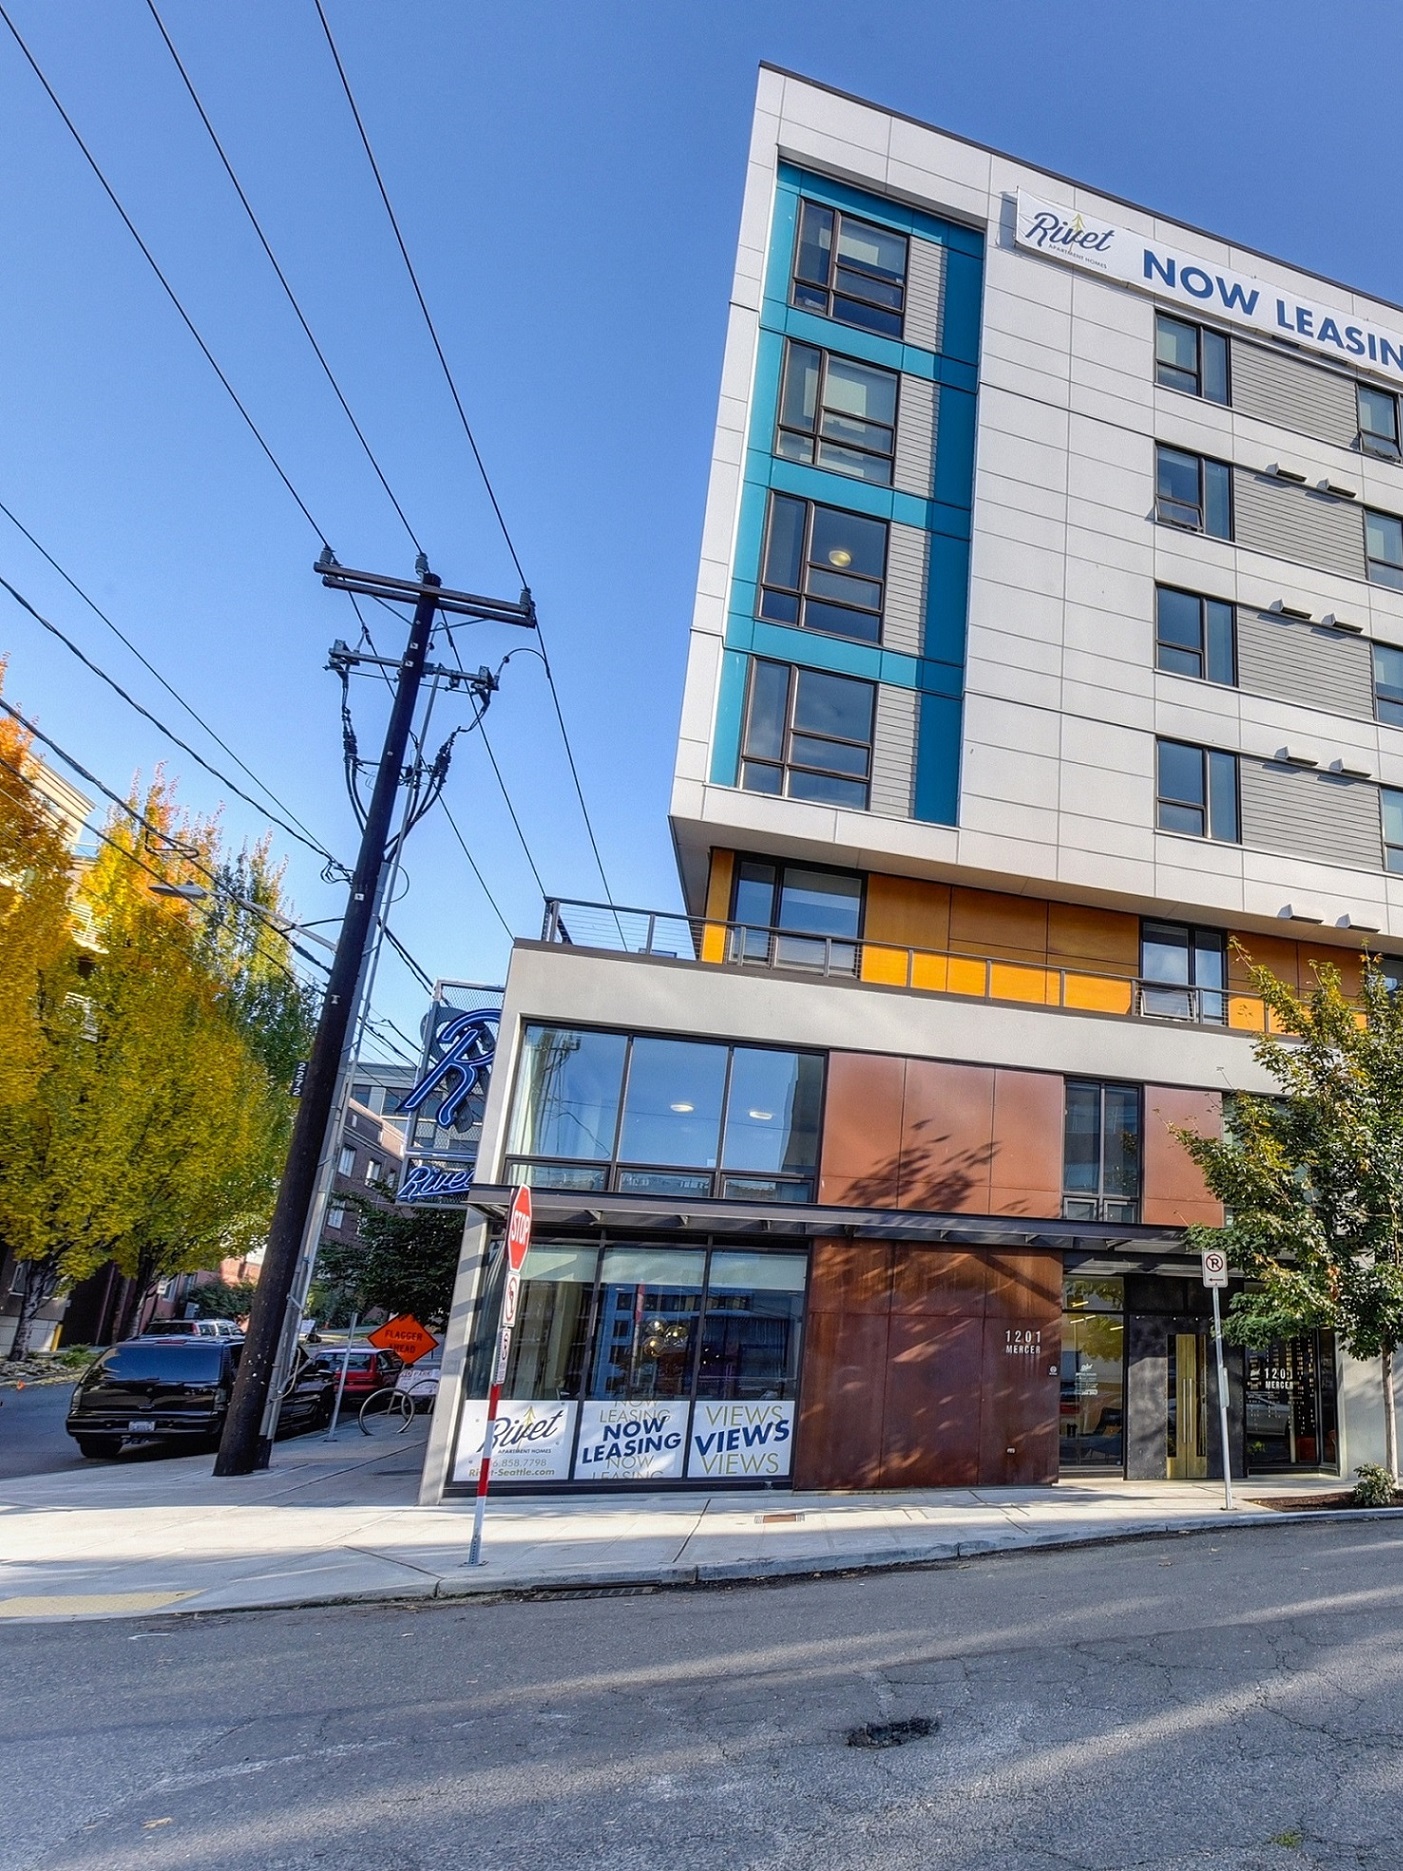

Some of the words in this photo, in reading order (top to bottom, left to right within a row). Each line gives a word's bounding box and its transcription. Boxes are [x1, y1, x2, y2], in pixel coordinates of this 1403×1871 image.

[1026, 212, 1115, 252] Rivet
[1048, 244, 1084, 260] APARTMENT
[1085, 257, 1107, 269] HOMES
[1143, 249, 1260, 316] NOW
[293, 1062, 306, 1096] 2272
[511, 1209, 530, 1245] STOP
[384, 1330, 423, 1341] FLAGGER
[1005, 1330, 1041, 1342] 1201
[389, 1343, 416, 1353] AHEAD
[1005, 1345, 1041, 1354] MERCER
[600, 1409, 671, 1423] LEASING
[706, 1405, 783, 1426] VIEWS
[476, 1410, 564, 1453] Rivet
[603, 1415, 668, 1441] NOW
[694, 1419, 790, 1457] VIEWS
[582, 1432, 682, 1464] LEASING
[468, 1468, 555, 1477] Rit-Seattle.com
[492, 1458, 547, 1467] 6.858.7798
[606, 1455, 654, 1469] NOW
[702, 1452, 779, 1475] VIEWS
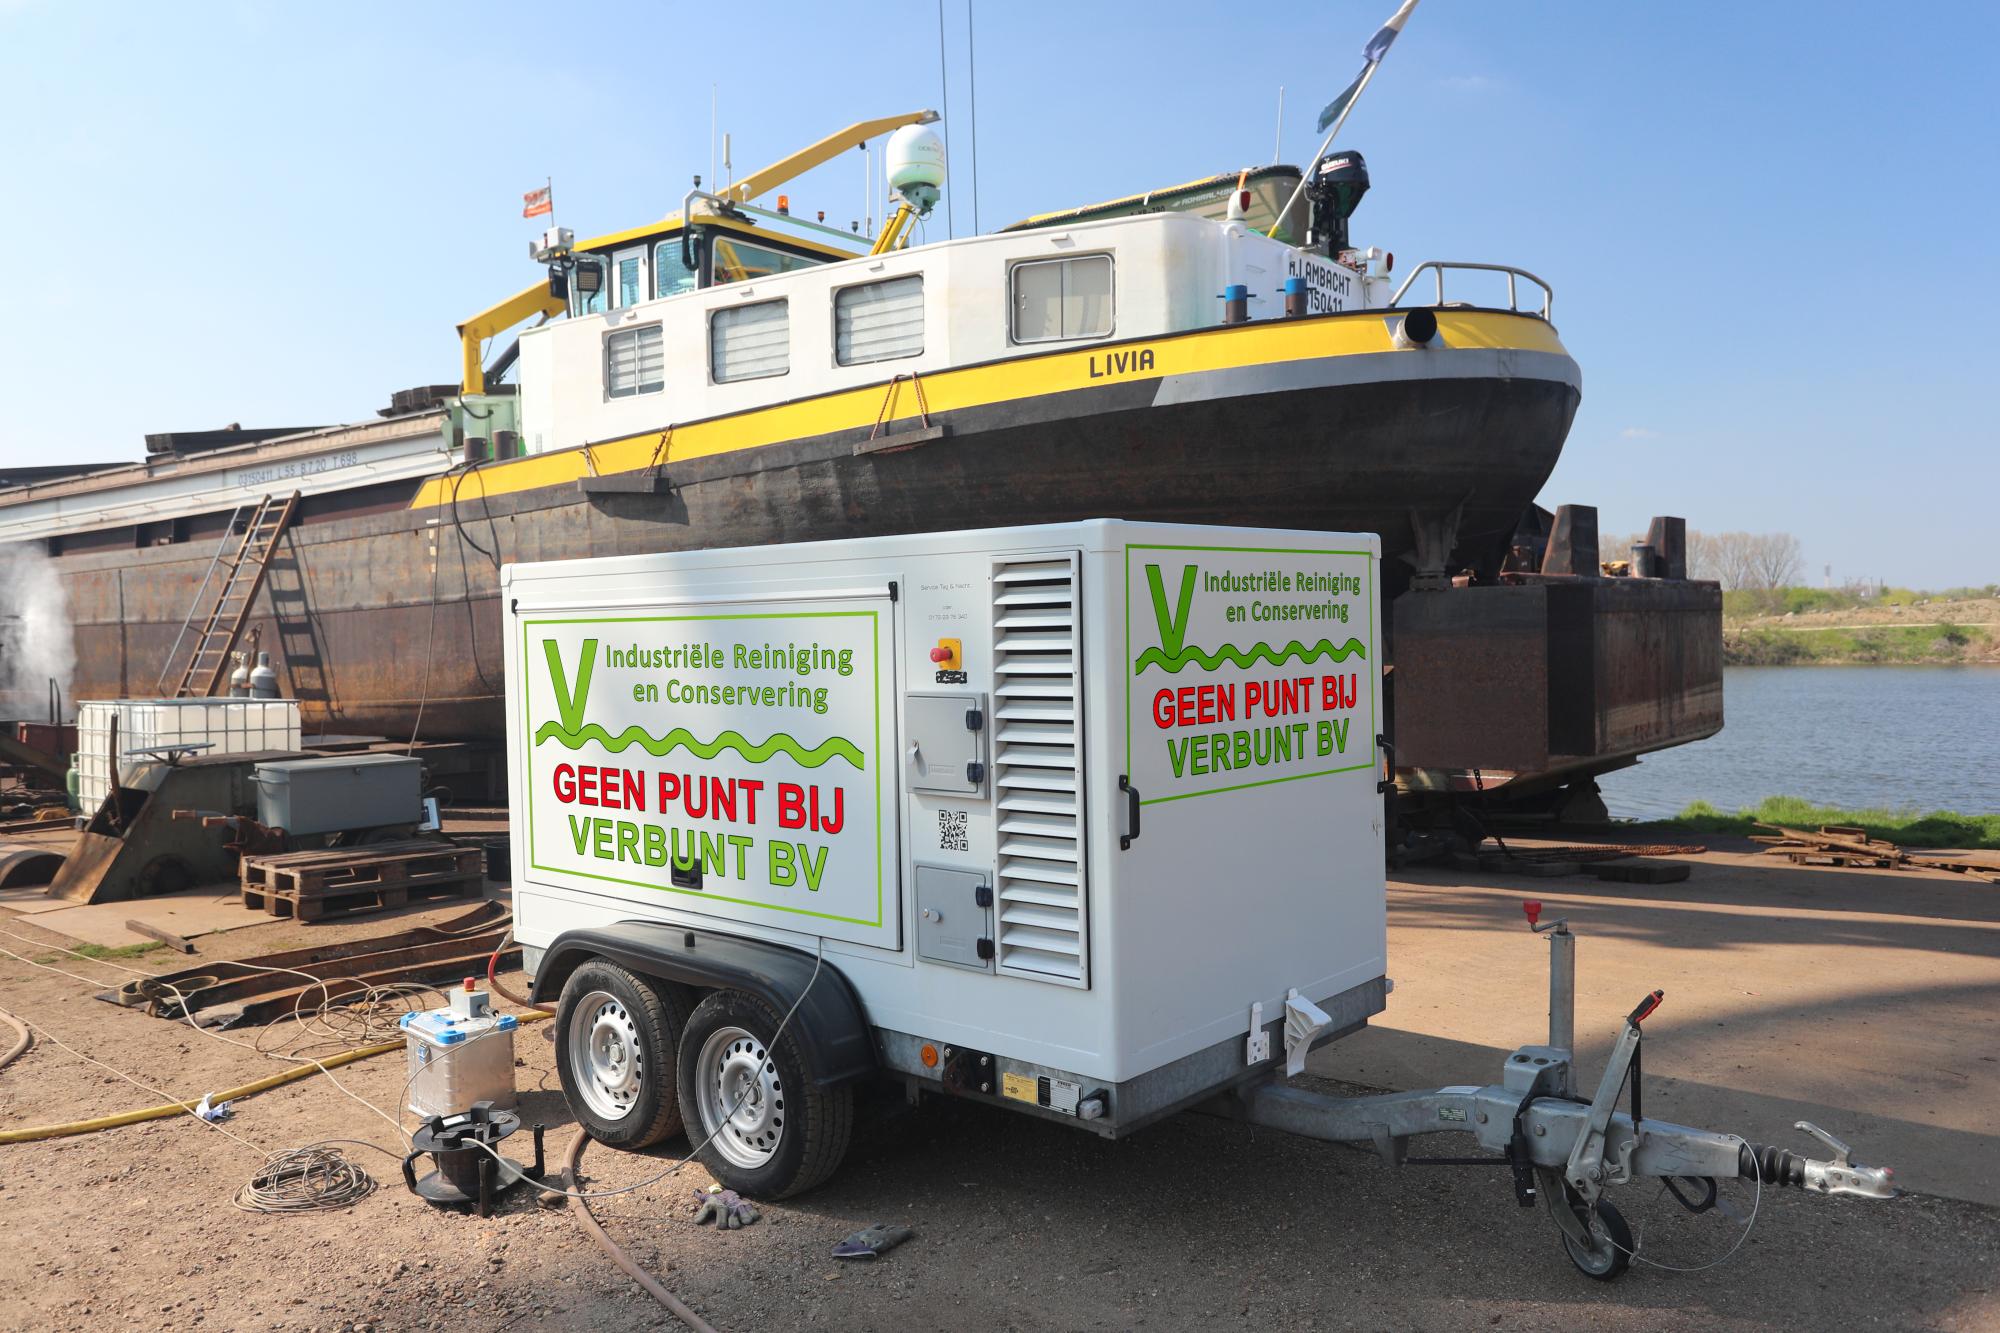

==========

The records above need to be reproduced exactly, with all images omitted.

Some of the words in this photo, in reading order (top to bottom, left to right within a row). Each line gives a word's bounding box and its transcription. Boxes are [x1, y1, x2, y2], in pixel coordinates of this 1403×1871 image.

[1026, 212, 1115, 252] Rivet
[1048, 244, 1084, 260] APARTMENT
[1085, 257, 1107, 269] HOMES
[1143, 249, 1260, 316] NOW
[293, 1062, 306, 1096] 2272
[511, 1209, 530, 1245] STOP
[384, 1330, 423, 1341] FLAGGER
[1005, 1330, 1041, 1342] 1201
[389, 1343, 416, 1353] AHEAD
[1005, 1345, 1041, 1354] MERCER
[600, 1409, 671, 1423] LEASING
[706, 1405, 783, 1426] VIEWS
[476, 1410, 564, 1453] Rivet
[603, 1415, 668, 1441] NOW
[694, 1419, 790, 1457] VIEWS
[582, 1432, 682, 1464] LEASING
[468, 1468, 555, 1477] Rit-Seattle.com
[492, 1458, 547, 1467] 6.858.7798
[606, 1455, 654, 1469] NOW
[702, 1452, 779, 1475] VIEWS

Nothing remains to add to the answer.